Autoantibodies in complex regional pain syndrome bind to a differentiation-dependent neuronal surface autoantigen

Danielle Kohra, Marlene Tschernatscha, Katrin Schmitza, Pratibha Singha, Manfred Kapsa, Karl-Herbert Schäfere, Martin Dienerc, Janina Mathiesa, Oliver Matza, Wolfgang Kummerg, Christian Maihöfnerf, Thorsten Fritzb, Frank Birkleind, Franz BlaesaCorresponding Author Informationemail address

Received 27 December 2008; received in revised form 3 March 2009; accepted 10 March 2009. published online 17 April 2009.
Corrected Proof

Abstract

Complex regional pain syndrome, which is characterised by pain and trophic disturbances, develops frequently after peripheral limb trauma.

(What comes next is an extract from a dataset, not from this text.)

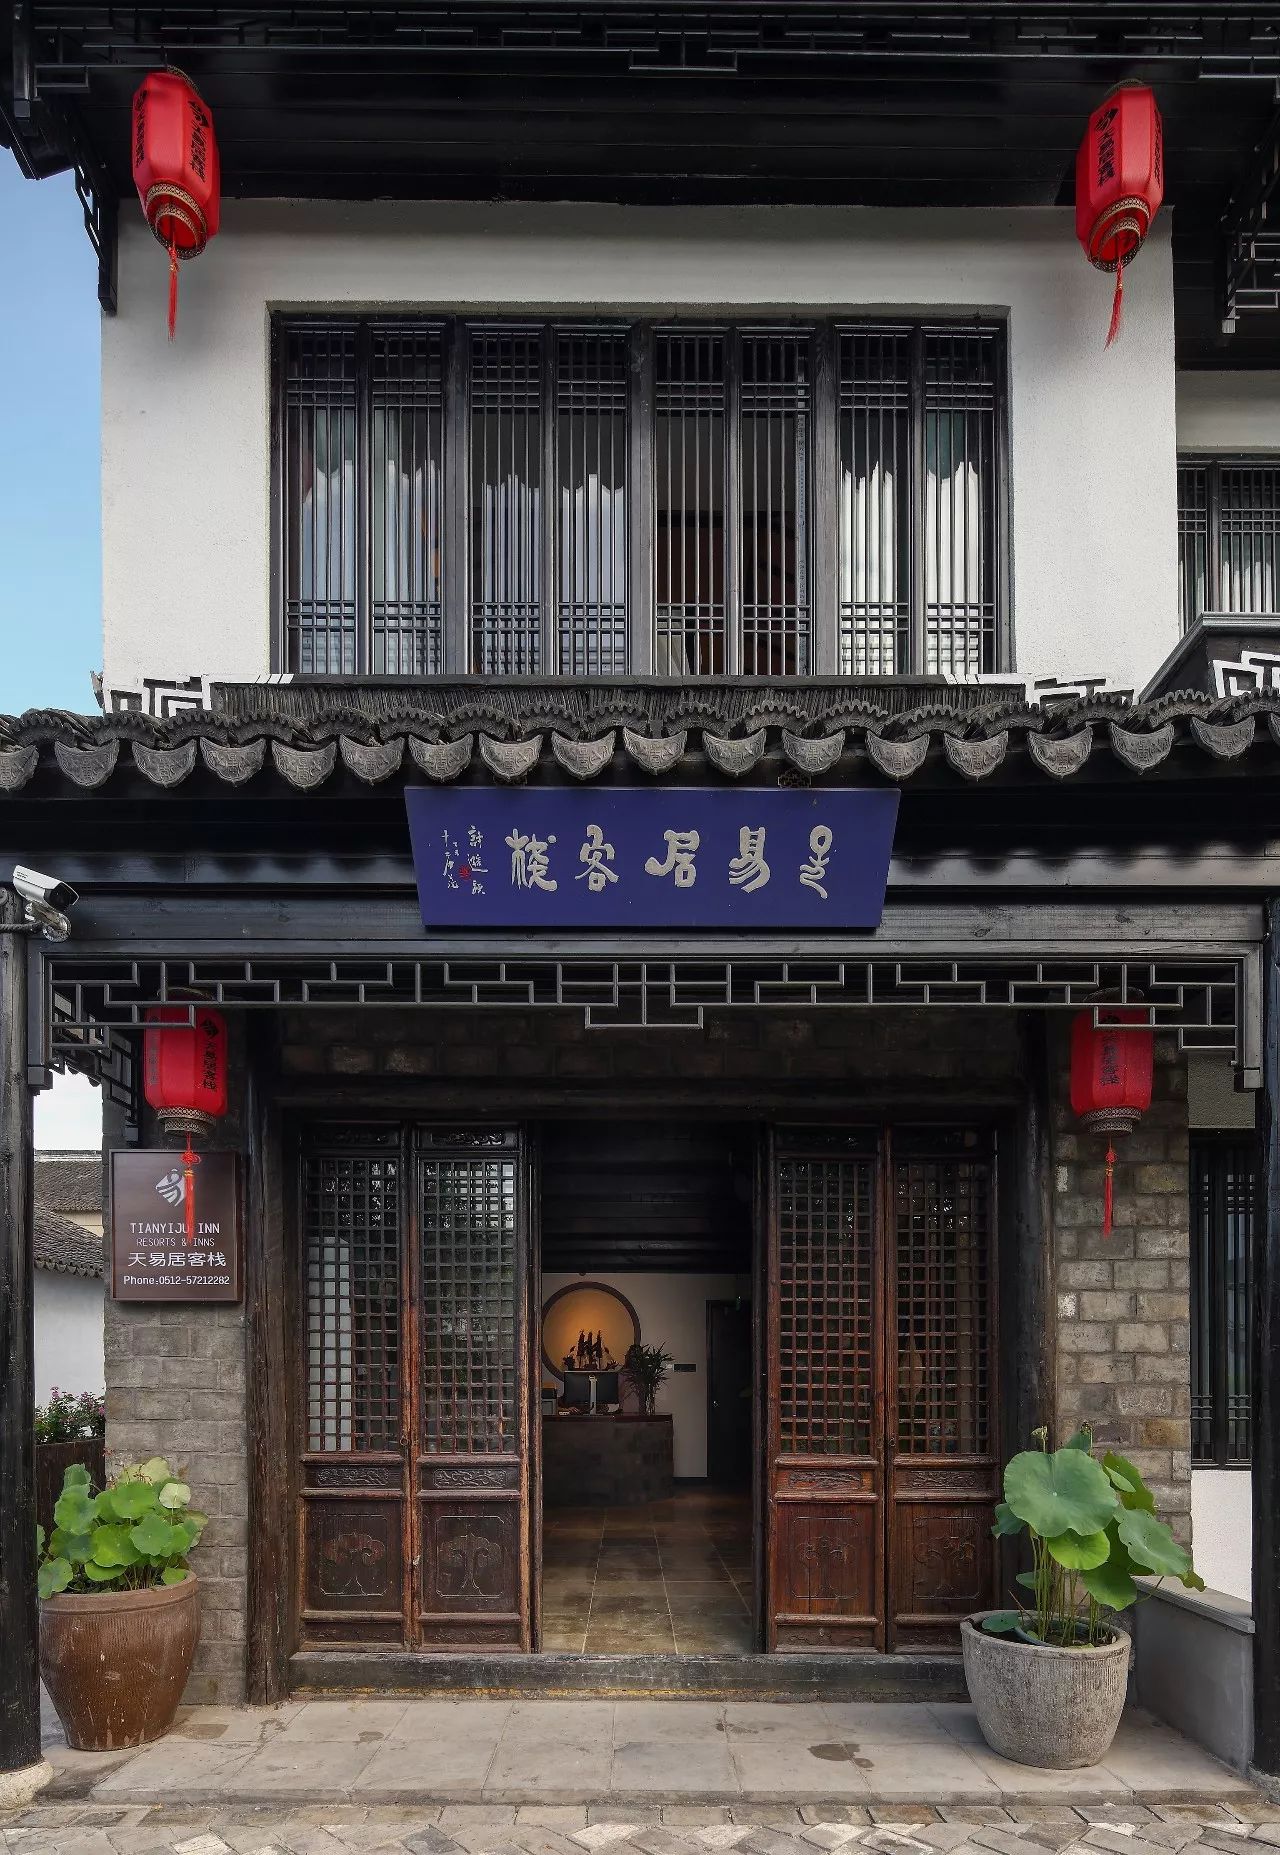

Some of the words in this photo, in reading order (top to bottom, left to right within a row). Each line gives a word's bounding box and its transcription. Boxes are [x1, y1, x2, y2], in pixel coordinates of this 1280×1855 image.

There is an increasing evidence of an involvement of the immune system in CRPS, and recently we showed that CRPS patients have autoantibodies against nervous system structures [6]. Therefore we tested the sera of CRPS patients, neuropathy patients and healthy volunteers for surface-binding autoantibodies to primary cultures of autonomic neurons and differentiated neuroblastoma cell lines using flow cytometry. Thirteen of 30 CRPS patients, but none of 30 healthy controls and only one of the 20 neuropathy sera had specific surface binding to autonomic neurons (p<0.001). The majority of the sera reacted with both sympathetic and myenteric plexus neurons. Interestingly, 6/30 CRPS sera showed binding to undifferentiated SH-SY5Y neuroblastoma cells. However, differentiation of SH-SY5Y into a cholinergic phenotype induced a surface antigen, which is recognised by 60% of CRPS sera (18/30), but not by controls (p<0.001). Our data show that about 30–40% of CRPS patients have surface-binding autoantibodies against an inducible autonomic nervous system autoantigen. These data support an autoimmune hypothesis in CRPS patients. Further studies must elucidate origin and function of these autoantibodies in CRPS.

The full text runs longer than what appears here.